(Text-to-region grounding data)
§

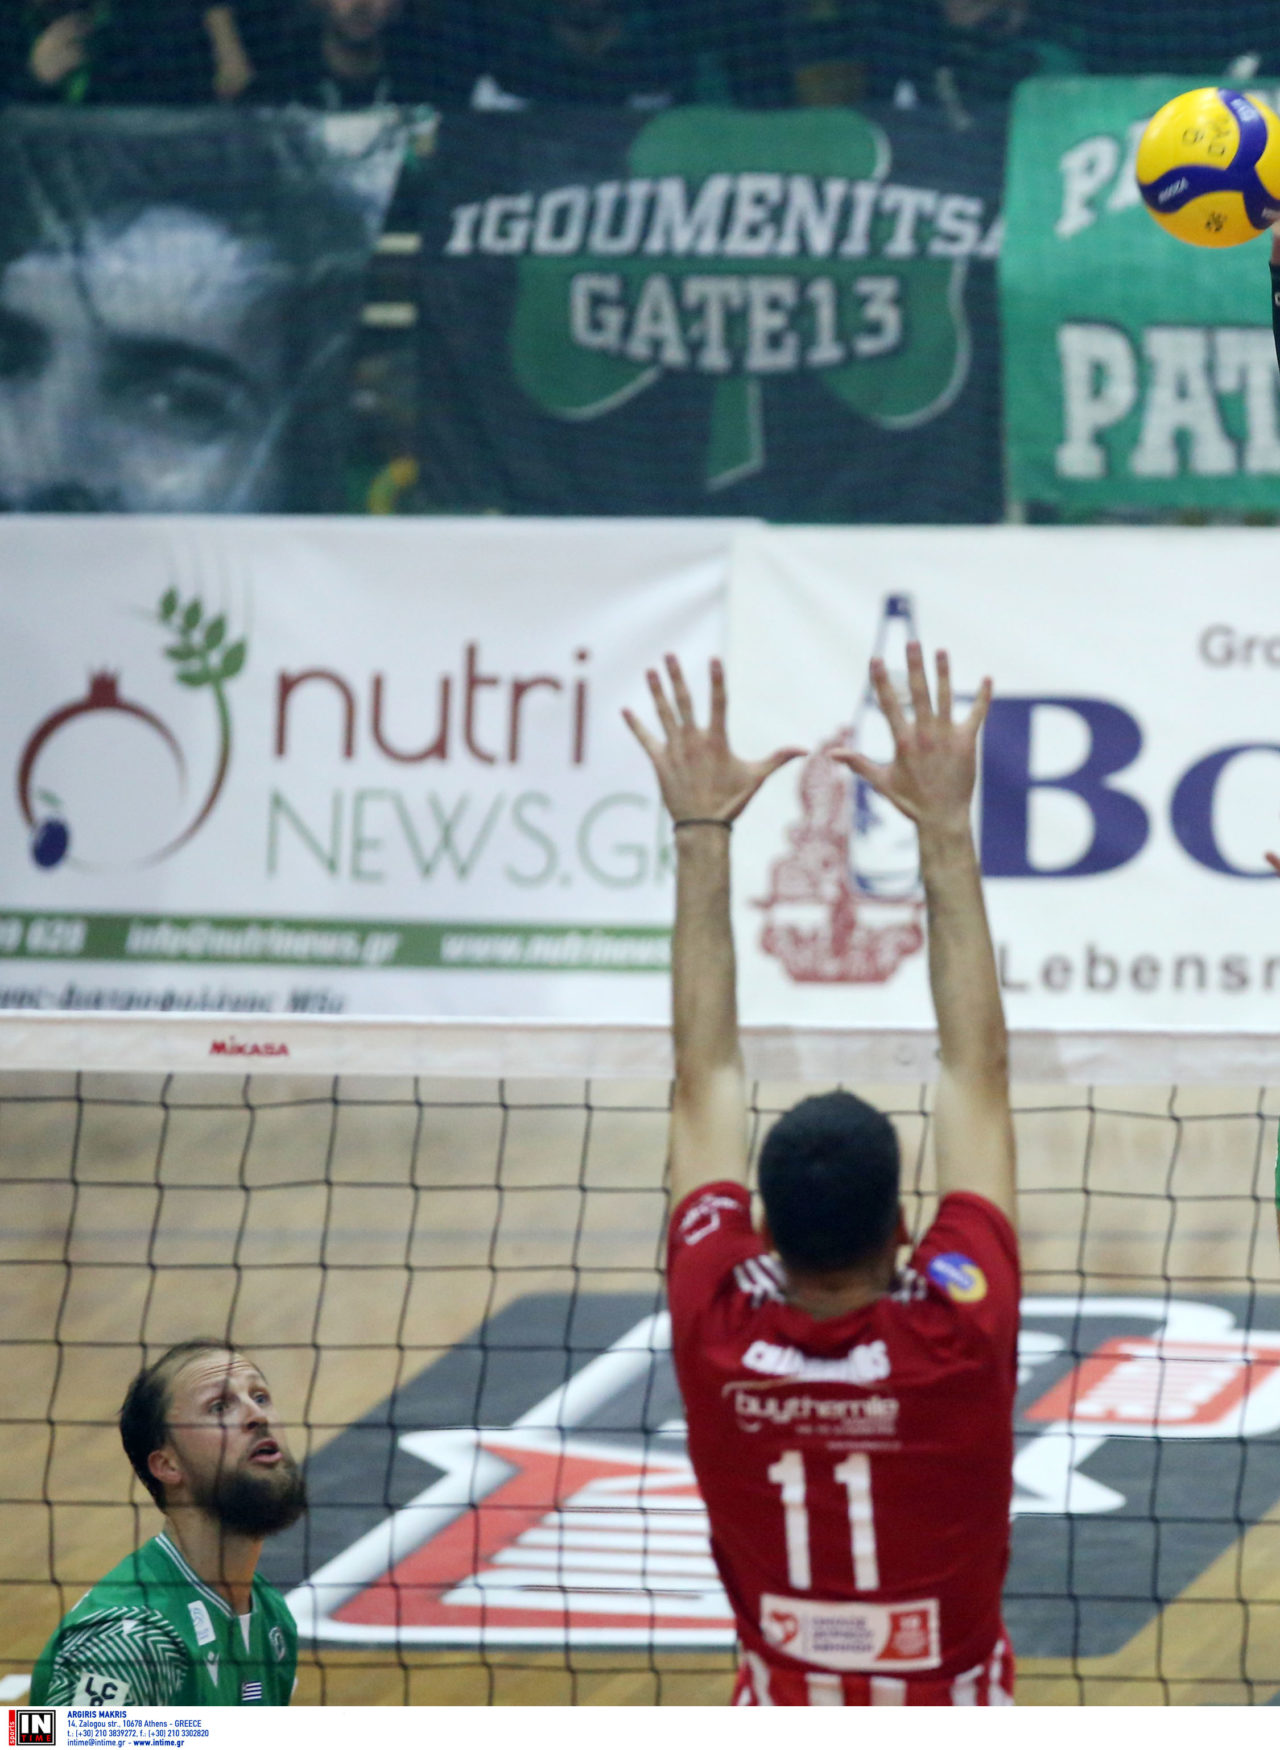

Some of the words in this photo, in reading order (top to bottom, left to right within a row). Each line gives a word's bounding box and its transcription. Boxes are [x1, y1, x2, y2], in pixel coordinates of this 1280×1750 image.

[569, 273, 903, 372] GATE13
[275, 641, 590, 767] nutri
[768, 1449, 880, 1592] 11
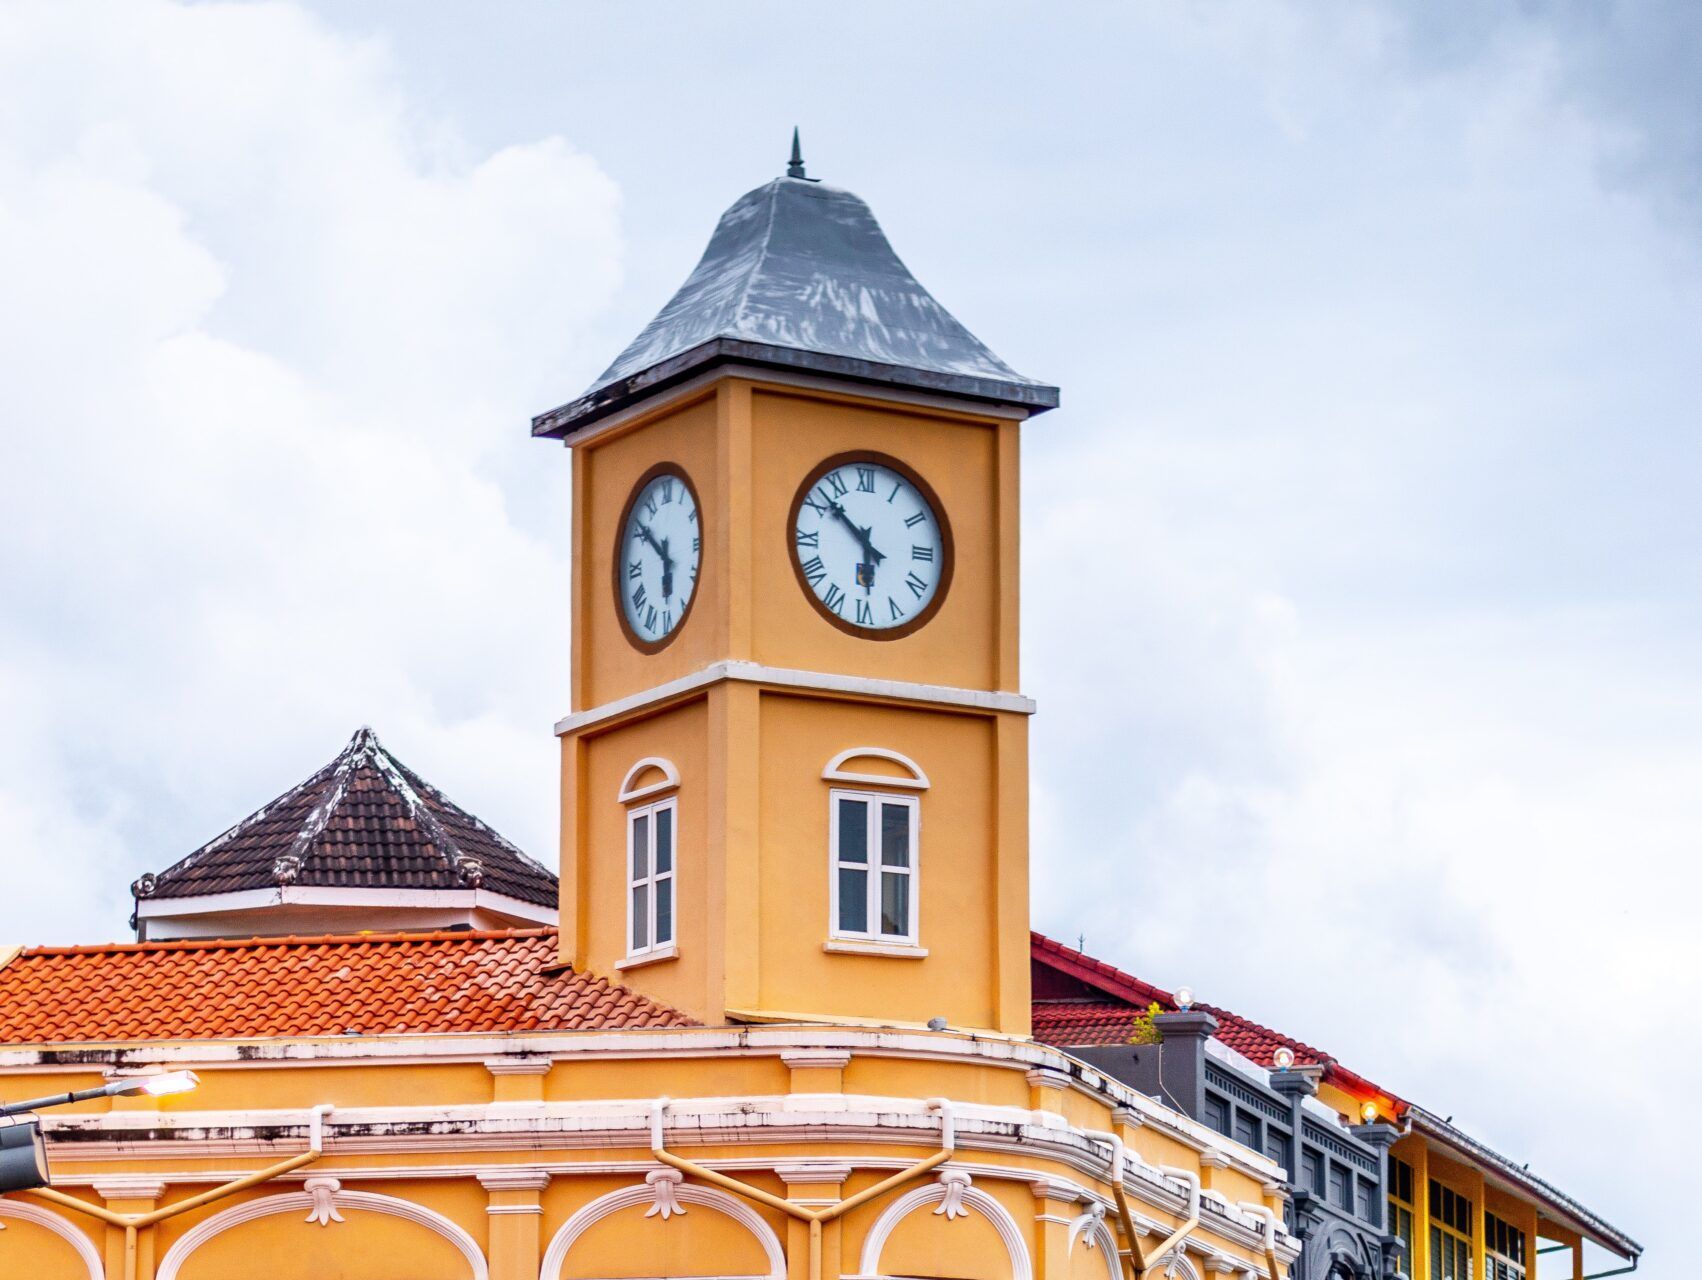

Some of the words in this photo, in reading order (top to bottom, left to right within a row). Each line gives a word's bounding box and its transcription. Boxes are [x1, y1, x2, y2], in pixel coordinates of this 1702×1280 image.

§

§ Action item:
Each record above needs to be retyped exactly, without any pictures.

§ Task output:
Some of the words in this photo, in reading order (top to bottom, left to right within a row). Each line gives a word's bounding box and its transcription. Boxes are [x1, y1, x2, y2], in pixel coordinates of this 1280×1750 image.

[569, 273, 903, 372] GATE13
[275, 641, 590, 767] nutri
[768, 1449, 880, 1592] 11

Some of the words in this photo, in reading order (top to bottom, left to right within a row). Each line gives a word's bounding box and its transcription. Boxes are [x1, y1, x2, y2], in pixel coordinates of this 1702×1280 image.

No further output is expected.